Link to Pubmed [PMID] – 12570836
Mini Rev Med Chem 2003 May;3(3):205-14
Cyclosporin A (CSA) has transformed clinical transplantation, both in term of success and of quality-of-life of the patient. Studies aimed to unfold the site of CSA action have shown that this molecule binds to cytosolic proteins of the cyclophilin family. CSA:cyclophilin complexes have a high affinity for calcineurin, a key enzyme in T-cell activation. By blocking the calcineurin activity, CSA prevents the induction of genes encoding for cytokines and their receptors. Thus, humoral and cellular immune responses are abolished, this resulting in the successful graft acceptance. Disappointingly, CSA and the other molecules as FK506, sharing the capacity to inhibit calcineurin, should be administered for all patient life, as tolerance to alloantigens is not achieved by these molecules.
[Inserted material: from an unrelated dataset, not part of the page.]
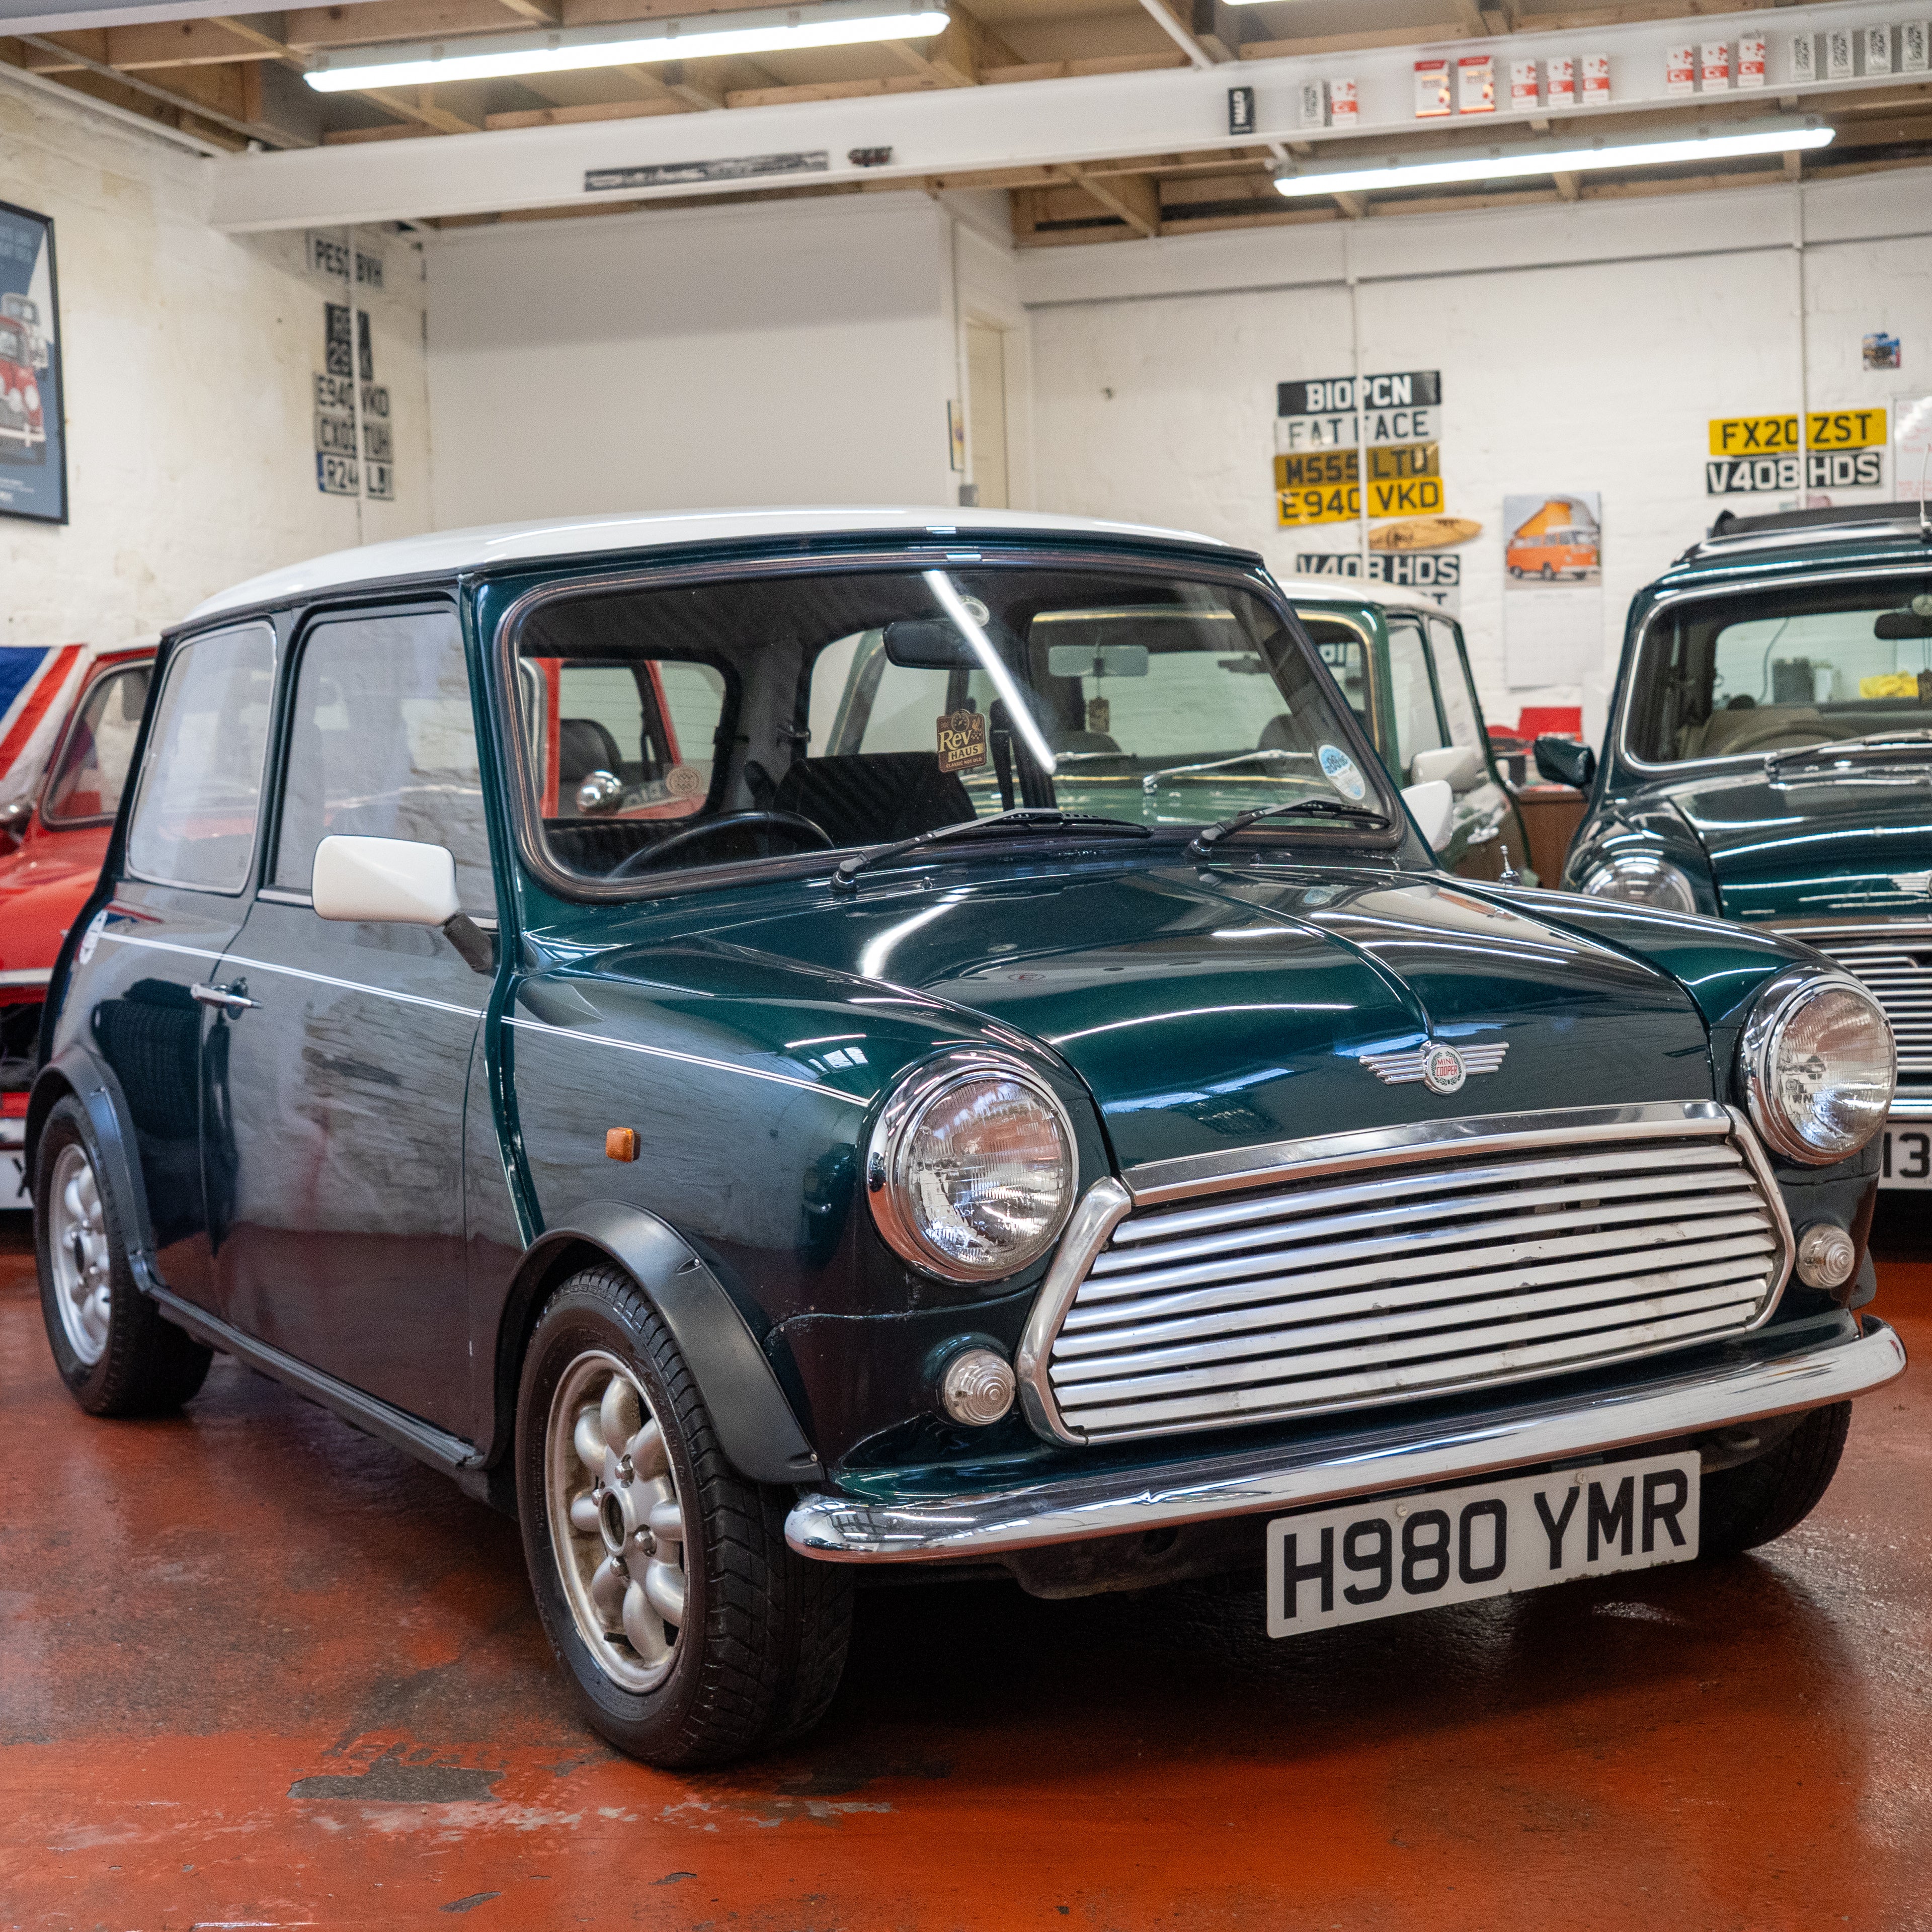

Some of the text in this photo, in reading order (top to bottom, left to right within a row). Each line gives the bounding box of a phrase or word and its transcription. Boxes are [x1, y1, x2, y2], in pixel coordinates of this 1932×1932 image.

The long term utilization of this class of immunosuppressors increases the incidence of different tumors. The finding that CSA does not interfere with various biochemical pathways has prompted different groups to analyze a possible effect of CSA on molecules that might be involved in different functions of the immune response and/or in tumorogenesis. A new picture of CSA mode of action is emerging in which the immunosuppressor prevents the transcription of a group of genes, concomitantly inducing the transcription of another set. Here, we review the data and discuss the consequences of these new findings in term of T-cell activation mechanisms.